Men have pelvic floors too. And they can certainly have issues with their pelvic floors. The “pelvic floor” is a group of muscles that run from the pubic bone in the front, between the legs like a hammock and attach to the tailbone in the back. The pelvic floor is responsible for holding up the pelvic organs (bladder, testicles, rectum) and for helping to control urine and feces elimination. It also plays a roll in sexual function, but let’s stick to urinary tasks for now. Generally the male pelvic floor functions similarly to the female pelvic floor but there are some key differences.

Compared to women, men have fewer openings in their pelvic floor. There is an opening for the urethra and for the rectum (while women also have a vaginal opening). This means that the male pelvic floor is usually thicker and more muscular. Men also have a prostate gland. The prostate gland sits above the testicles and behind the penis. It wraps around the urethra, kind of like a donut, with the urethra running through the donut hole. While the prostate gland is responsible for the prostate fluid, it also acts as structural support around the urethra.

This is why, when the prostate gland enlarges and inflates, it can be difficult to urinate. The expanded prostate squeezes around the urethra, making it difficult to initiate or maintain urine flow, or to completely empty the bladder.

On the other hand, this is also why changes to the prostate can lead to urinary leakage (incontinence) in men. Treatment or surgeries aimed at reducing the size of the prostate, removing parts of the prostate or removing the prostate entirely can lead to a reduction in urethral reinforcement. For some men, this helps tremendously in the ability to easily urinate and fully empty the bladder. For others, this can contribute to urinary incontinence.

When you become accustomed to depending on the enlarged prostate to prevent leaking, and then the prostate is suddenly smaller or gone, the pelvic floor muscles better be strong enough to take up the slack. But for some men, the muscles are not strong enough. The muscles have been letting the prostate do all the work and during that time have become lazy and weak. This is what can lead to urinary (and sometimes fecal) incontinence. Often times it is a leak with a cough, sneeze, heavy lift or even getting out of a chair. It can be worse if the bladder is full.

This article is not meant to scare people. In fact most men regain their pelvic floor muscle strength, coordination and continence after healing from treatments and procedures. However there are some who struggle to use their pelvic floor muscles again. This is where pelvic floor physiotherapy can be a valuable tool. Improving strength and coordination through guided exercises programs can help with these symptoms.

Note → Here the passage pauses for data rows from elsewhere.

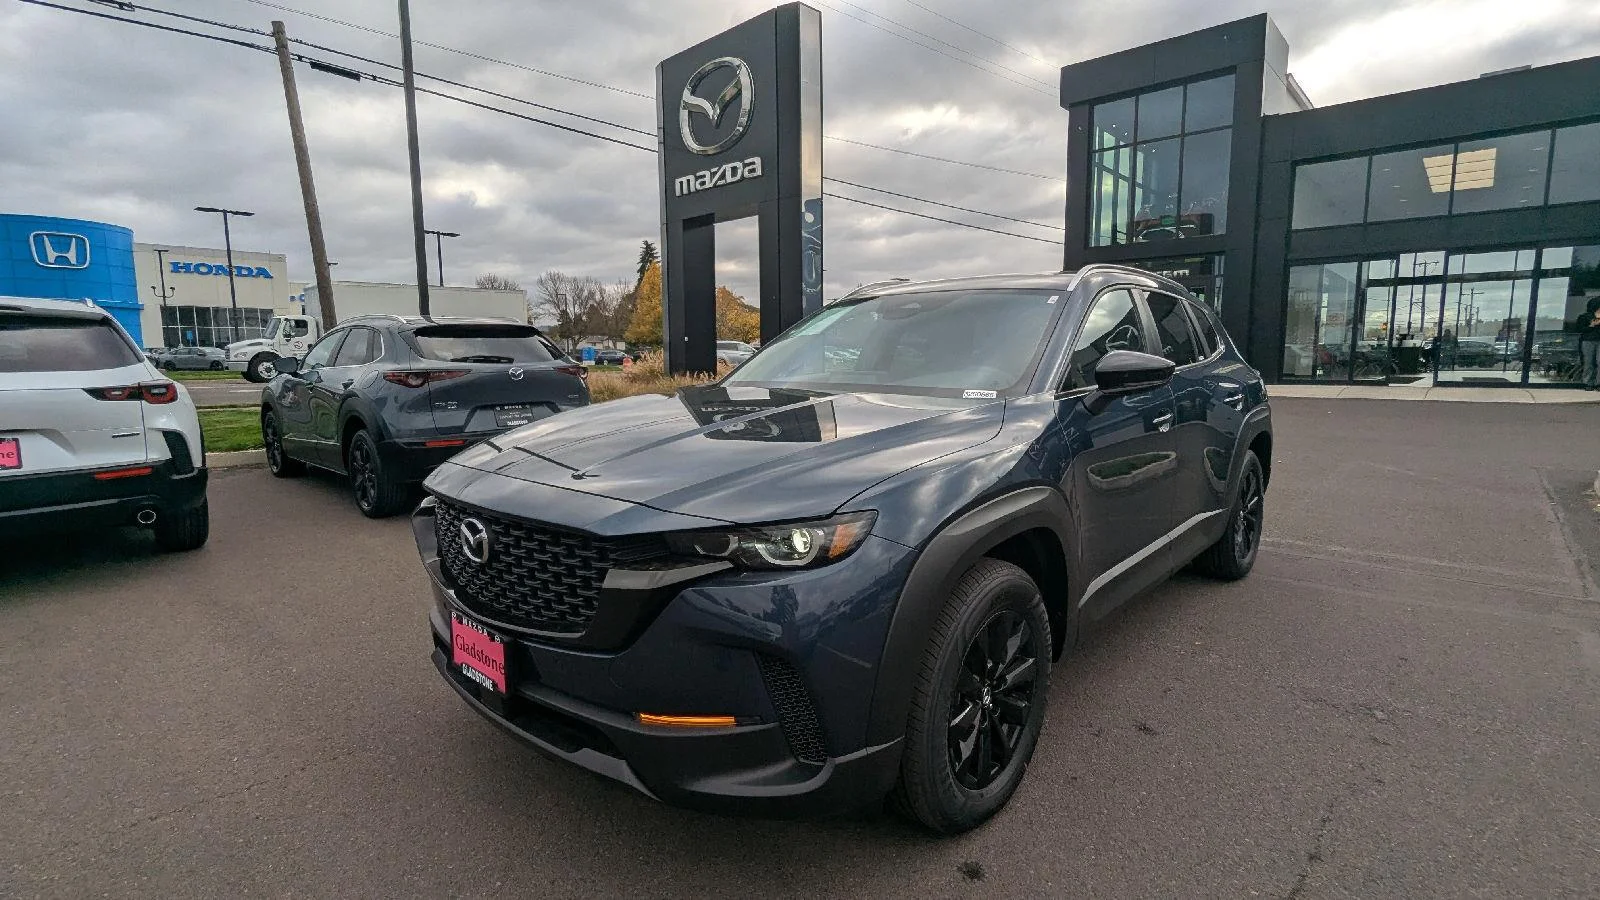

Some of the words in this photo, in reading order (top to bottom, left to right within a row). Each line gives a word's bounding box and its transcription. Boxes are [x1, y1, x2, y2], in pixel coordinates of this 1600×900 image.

[169, 261, 274, 279] HONDA
[455, 634, 505, 675] Gladstone
[462, 663, 494, 692] GLADSTONE
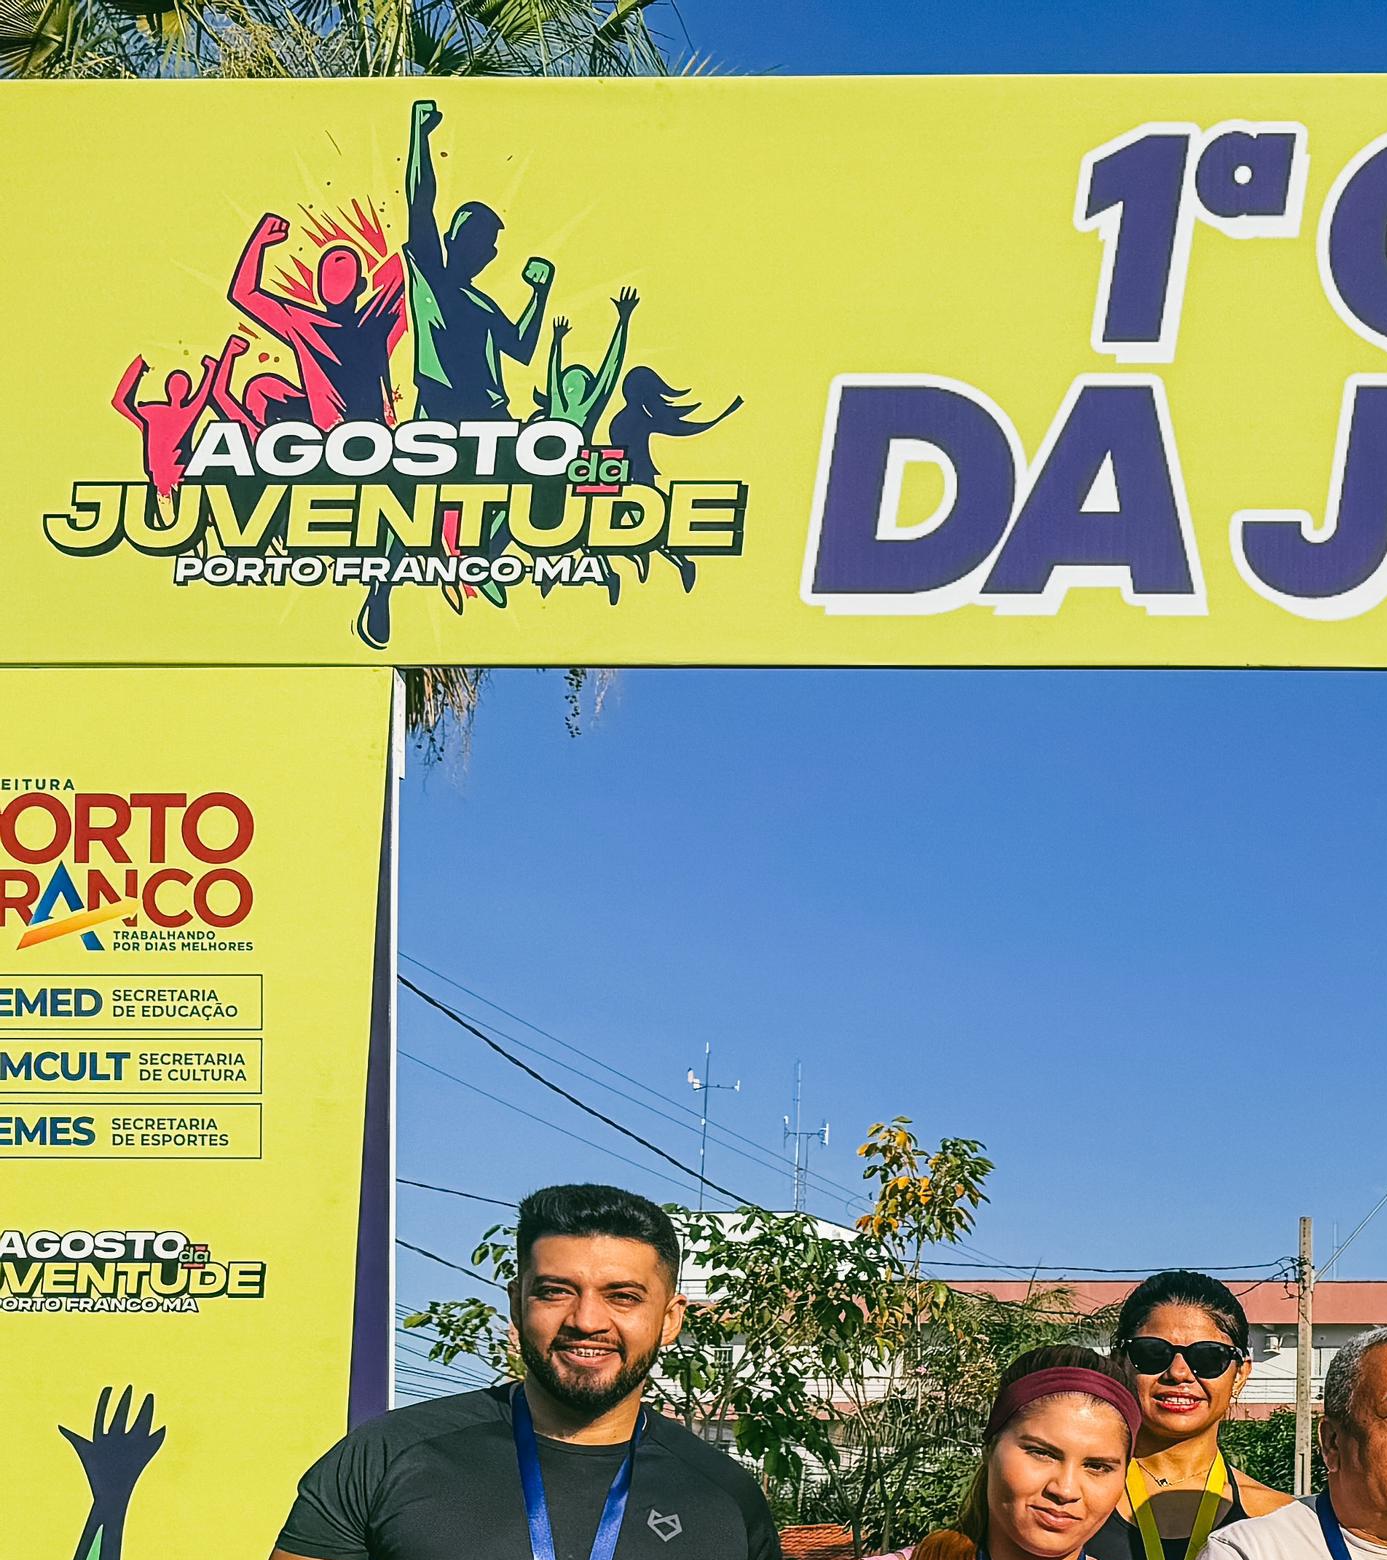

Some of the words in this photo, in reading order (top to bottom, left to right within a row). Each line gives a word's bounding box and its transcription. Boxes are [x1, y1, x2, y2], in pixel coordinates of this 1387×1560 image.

[184, 419, 586, 477] AGOSTO
[567, 450, 630, 486] da
[808, 382, 1197, 596] DA
[43, 480, 747, 556] JUVENTUDE
[175, 556, 325, 584] PORTO
[0, 779, 75, 790] EITURA
[0, 792, 254, 864] ORTO
[0, 860, 254, 930] RANCO
[113, 930, 216, 940] TRABALHANDO
[113, 942, 140, 951] POR
[144, 942, 177, 951] DIAS
[181, 942, 254, 951] MELHORES
[0, 988, 103, 1017] EMED
[112, 989, 219, 1002] SECRETARIA
[112, 1005, 137, 1018] DE
[141, 1002, 239, 1021] EDUCAÇÃO
[0, 1051, 130, 1081] MCULT
[139, 1053, 246, 1066] SECRETARIA
[139, 1068, 163, 1081] DE
[167, 1068, 247, 1081] CULTURA
[0, 1116, 96, 1146] EMES
[111, 1118, 218, 1131] SECRETARIA
[112, 1133, 136, 1146] DE
[140, 1133, 229, 1146] ESPORTES
[0, 1231, 188, 1260] AGOSTO
[179, 1247, 210, 1264] da
[0, 1261, 264, 1295] VENTUDE
[0, 1297, 62, 1312] ORTO
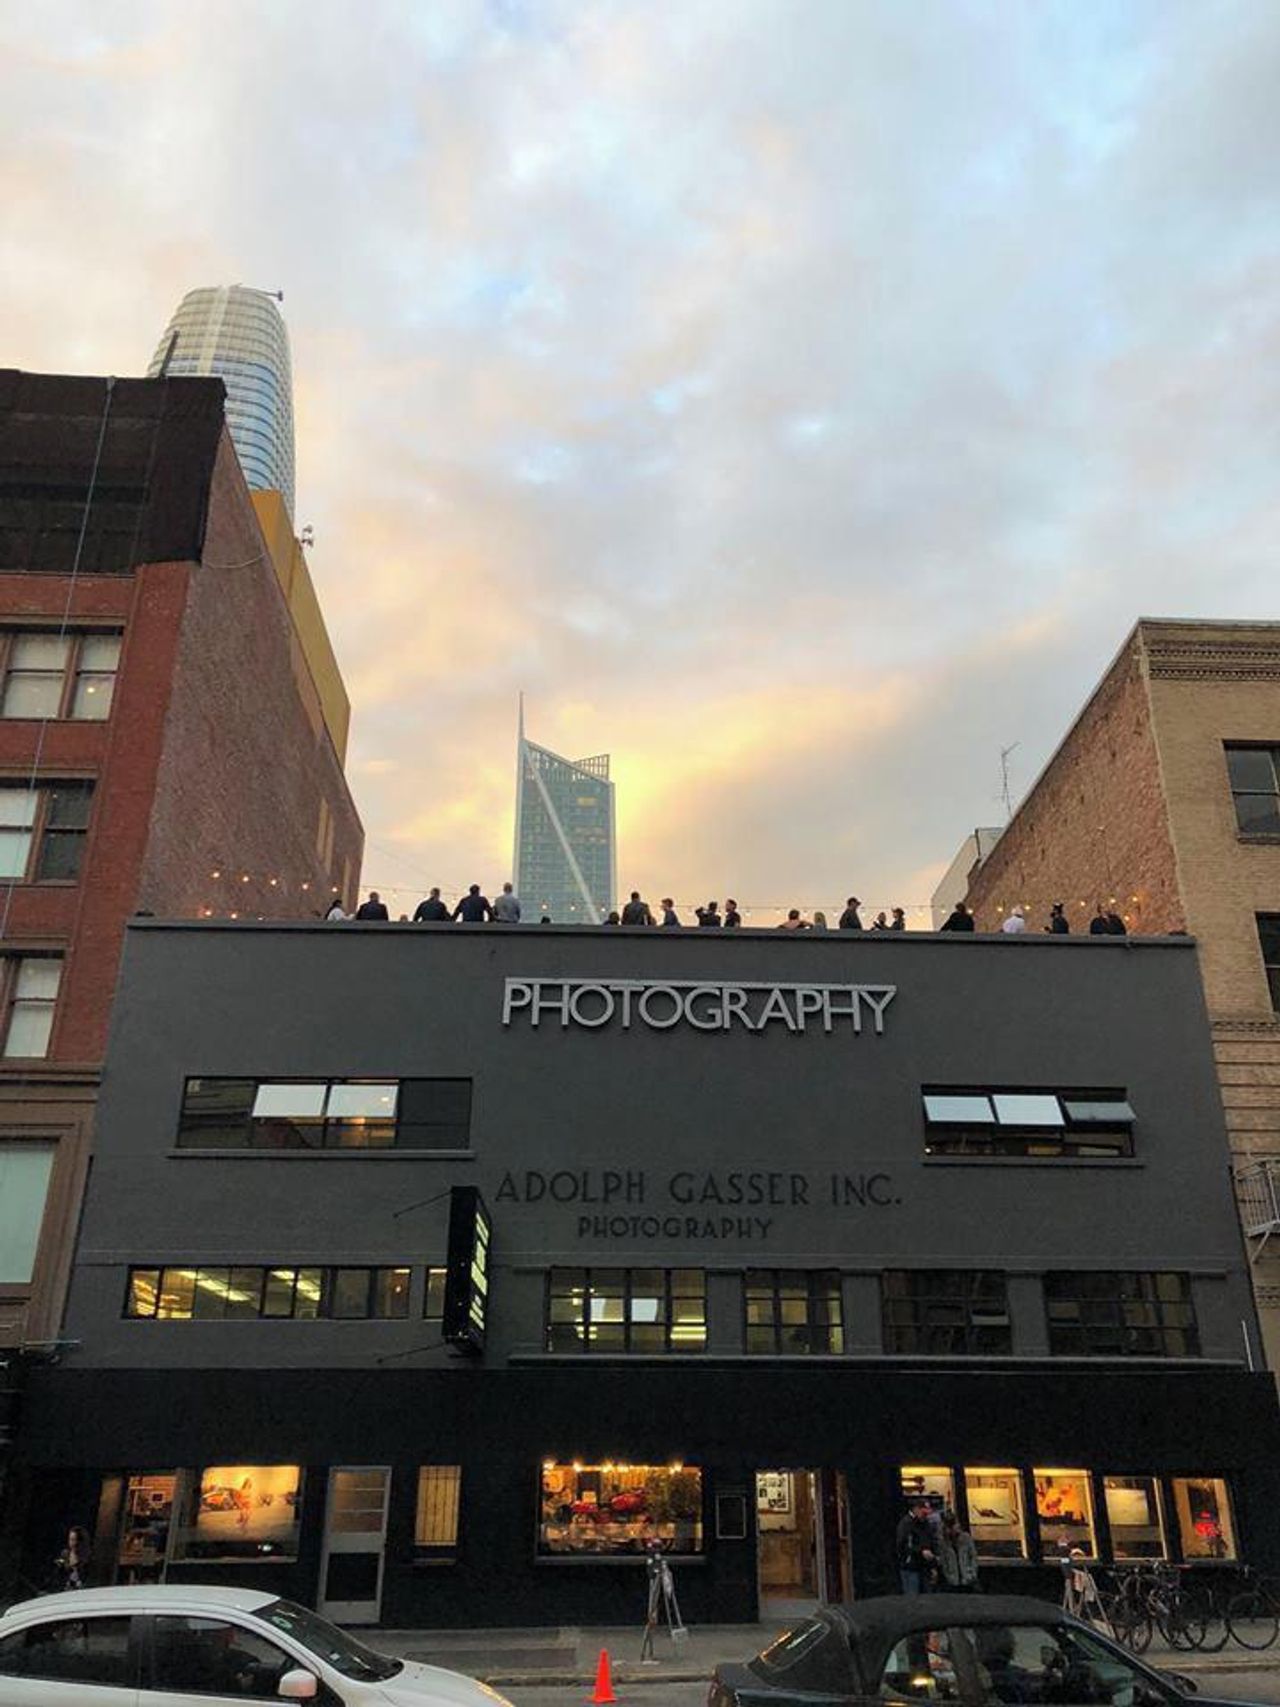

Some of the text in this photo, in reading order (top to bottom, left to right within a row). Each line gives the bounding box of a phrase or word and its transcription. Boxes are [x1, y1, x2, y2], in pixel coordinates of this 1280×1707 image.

When teaching men how to use their pelvic floor muscles I often ask them to think about lifting their scrotum (not the penis) while exhaling. You should not be able to see any other major muscles helping out. Buttocks, abdominals and inner thigh muscles should all remain relaxed and you should not be holding your breath. Once they can accomplish this I get them to also think about squeezing the rectum (not the buttocks though) while thinking about lifting the scrotum. This helps remind them to use both the front and back half of the pelvic floor muscles. This is all combined with breathing and the coaching sounds like this:

“Inhale and relax your muscles, exhale through the mouth while lifting the scrotum/closing the rectum.”

The squeeze is held for the duration of the exhale and then all the muscles relax on the following breath in.

For homework, I usually get men to practise this breathing pattern for 30 or 60 seconds, which is usually 10 – 14 breaths depending on lung capacity and fitness levels. Eventually treatment progresses to learning how to activate these muscles before a potential leak (before a cough, before getting up from a chair, etc). It usually takes a bit of practise and some time to develop the strength and coordination necessary to stop leaking.

If you think that you might benefit from learning how to use your pelvic floor muscles talk to your doctor about finding a pelvic floor trained physiotherapist.